(Records from a data collection)
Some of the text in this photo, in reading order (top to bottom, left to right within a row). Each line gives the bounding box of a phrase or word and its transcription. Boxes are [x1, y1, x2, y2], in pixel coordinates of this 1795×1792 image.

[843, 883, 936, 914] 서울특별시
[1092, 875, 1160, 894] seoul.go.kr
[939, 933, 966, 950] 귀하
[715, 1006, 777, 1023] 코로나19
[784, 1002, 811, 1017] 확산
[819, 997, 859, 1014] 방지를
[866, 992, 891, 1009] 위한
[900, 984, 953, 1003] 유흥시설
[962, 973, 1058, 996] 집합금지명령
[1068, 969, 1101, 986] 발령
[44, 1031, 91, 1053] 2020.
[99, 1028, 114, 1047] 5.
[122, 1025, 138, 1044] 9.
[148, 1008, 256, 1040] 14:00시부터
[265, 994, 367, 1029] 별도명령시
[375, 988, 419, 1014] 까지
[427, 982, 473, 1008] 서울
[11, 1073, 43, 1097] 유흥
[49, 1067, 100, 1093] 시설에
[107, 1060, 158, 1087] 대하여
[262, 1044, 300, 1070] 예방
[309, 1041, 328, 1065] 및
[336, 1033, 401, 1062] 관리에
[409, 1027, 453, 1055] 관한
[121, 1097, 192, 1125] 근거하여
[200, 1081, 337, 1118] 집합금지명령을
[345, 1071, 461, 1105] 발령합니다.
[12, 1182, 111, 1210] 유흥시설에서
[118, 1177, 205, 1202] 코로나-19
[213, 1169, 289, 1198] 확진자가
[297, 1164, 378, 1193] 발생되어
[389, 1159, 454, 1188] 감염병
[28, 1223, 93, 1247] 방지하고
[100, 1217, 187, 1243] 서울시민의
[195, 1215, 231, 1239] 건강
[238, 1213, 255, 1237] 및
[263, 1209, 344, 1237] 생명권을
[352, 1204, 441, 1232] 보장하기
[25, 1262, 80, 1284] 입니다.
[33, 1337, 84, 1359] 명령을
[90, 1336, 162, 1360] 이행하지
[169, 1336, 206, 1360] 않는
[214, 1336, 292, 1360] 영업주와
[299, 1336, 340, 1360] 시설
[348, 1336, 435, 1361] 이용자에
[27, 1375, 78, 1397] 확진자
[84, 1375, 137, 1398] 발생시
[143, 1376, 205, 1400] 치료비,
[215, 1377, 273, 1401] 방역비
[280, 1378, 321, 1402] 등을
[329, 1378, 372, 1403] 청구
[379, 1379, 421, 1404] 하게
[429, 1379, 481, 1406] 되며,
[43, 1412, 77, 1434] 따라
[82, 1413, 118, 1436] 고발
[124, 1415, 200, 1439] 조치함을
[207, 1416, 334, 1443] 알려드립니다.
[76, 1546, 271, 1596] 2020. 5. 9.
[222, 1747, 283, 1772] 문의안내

> [Exercise objective] Print all the records precisely.

> [Answer box]
Some of the text in this photo, in reading order (top to bottom, left to right within a row). Each line gives the bounding box of a phrase or word and its transcription. Boxes are [x1, y1, x2, y2], in pixel coordinates of this 1795×1792 image.

[843, 883, 936, 914] 서울특별시
[1092, 875, 1160, 894] seoul.go.kr
[939, 933, 966, 950] 귀하
[715, 1006, 777, 1023] 코로나19
[784, 1002, 811, 1017] 확산
[819, 997, 859, 1014] 방지를
[866, 992, 891, 1009] 위한
[900, 984, 953, 1003] 유흥시설
[962, 973, 1058, 996] 집합금지명령
[1068, 969, 1101, 986] 발령
[44, 1031, 91, 1053] 2020.
[99, 1028, 114, 1047] 5.
[122, 1025, 138, 1044] 9.
[148, 1008, 256, 1040] 14:00시부터
[265, 994, 367, 1029] 별도명령시
[375, 988, 419, 1014] 까지
[427, 982, 473, 1008] 서울
[11, 1073, 43, 1097] 유흥
[49, 1067, 100, 1093] 시설에
[107, 1060, 158, 1087] 대하여
[262, 1044, 300, 1070] 예방
[309, 1041, 328, 1065] 및
[336, 1033, 401, 1062] 관리에
[409, 1027, 453, 1055] 관한
[121, 1097, 192, 1125] 근거하여
[200, 1081, 337, 1118] 집합금지명령을
[345, 1071, 461, 1105] 발령합니다.
[12, 1182, 111, 1210] 유흥시설에서
[118, 1177, 205, 1202] 코로나-19
[213, 1169, 289, 1198] 확진자가
[297, 1164, 378, 1193] 발생되어
[389, 1159, 454, 1188] 감염병
[28, 1223, 93, 1247] 방지하고
[100, 1217, 187, 1243] 서울시민의
[195, 1215, 231, 1239] 건강
[238, 1213, 255, 1237] 및
[263, 1209, 344, 1237] 생명권을
[352, 1204, 441, 1232] 보장하기
[25, 1262, 80, 1284] 입니다.
[33, 1337, 84, 1359] 명령을
[90, 1336, 162, 1360] 이행하지
[169, 1336, 206, 1360] 않는
[214, 1336, 292, 1360] 영업주와
[299, 1336, 340, 1360] 시설
[348, 1336, 435, 1361] 이용자에
[27, 1375, 78, 1397] 확진자
[84, 1375, 137, 1398] 발생시
[143, 1376, 205, 1400] 치료비,
[215, 1377, 273, 1401] 방역비
[280, 1378, 321, 1402] 등을
[329, 1378, 372, 1403] 청구
[379, 1379, 421, 1404] 하게
[429, 1379, 481, 1406] 되며,
[43, 1412, 77, 1434] 따라
[82, 1413, 118, 1436] 고발
[124, 1415, 200, 1439] 조치함을
[207, 1416, 334, 1443] 알려드립니다.
[76, 1546, 271, 1596] 2020. 5. 9.
[222, 1747, 283, 1772] 문의안내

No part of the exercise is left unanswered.